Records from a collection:
◆ ◆ ◆ ◆

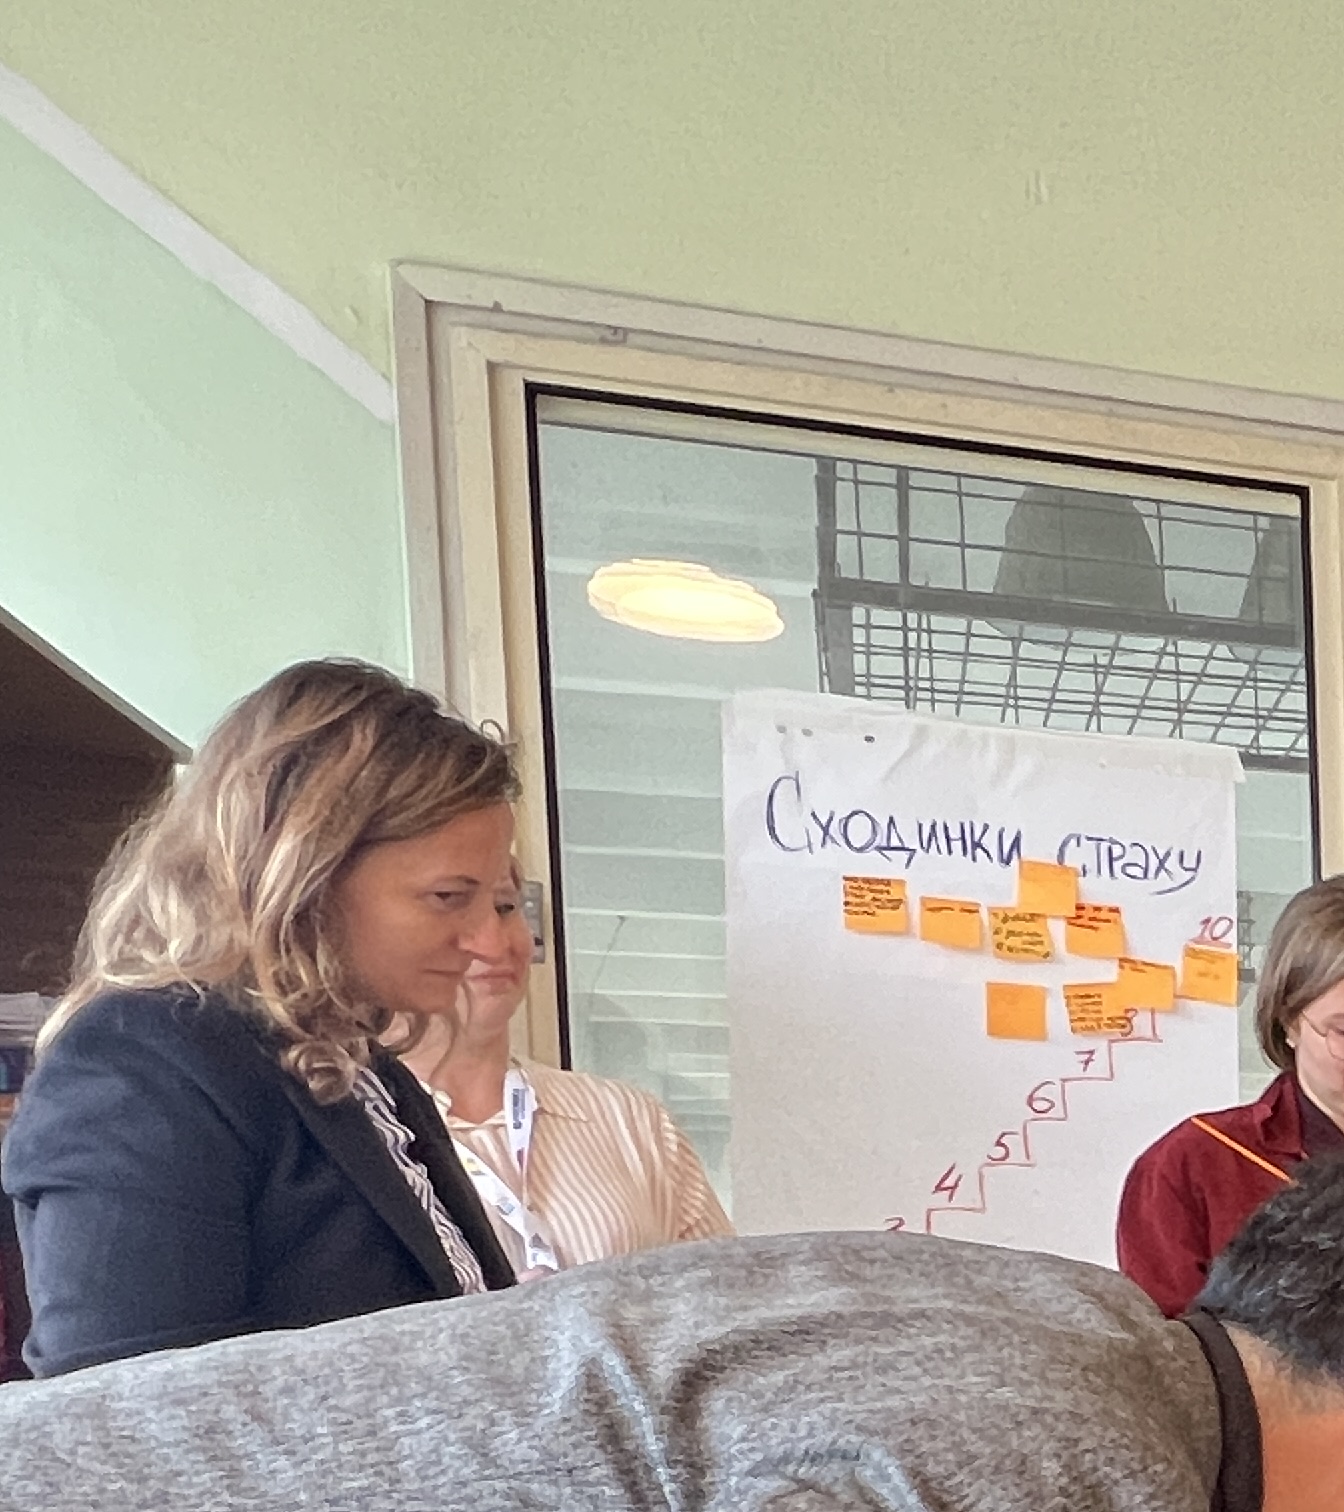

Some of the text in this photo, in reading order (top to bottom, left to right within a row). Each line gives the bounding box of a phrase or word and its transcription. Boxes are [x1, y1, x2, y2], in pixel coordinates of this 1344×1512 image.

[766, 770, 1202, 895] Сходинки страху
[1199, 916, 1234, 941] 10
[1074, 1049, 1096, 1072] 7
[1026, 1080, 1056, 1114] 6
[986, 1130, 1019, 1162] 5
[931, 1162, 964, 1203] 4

◆ ◆ ◆ ◆

WORK REQUEST » Give the records again exactly, pictures left out.

EXERCISE ANSWER »
Some of the text in this photo, in reading order (top to bottom, left to right within a row). Each line gives the bounding box of a phrase or word and its transcription. Boxes are [x1, y1, x2, y2], in pixel coordinates of this 1344×1512 image.

[766, 770, 1202, 895] Сходинки страху
[1199, 916, 1234, 941] 10
[1074, 1049, 1096, 1072] 7
[1026, 1080, 1056, 1114] 6
[986, 1130, 1019, 1162] 5
[931, 1162, 964, 1203] 4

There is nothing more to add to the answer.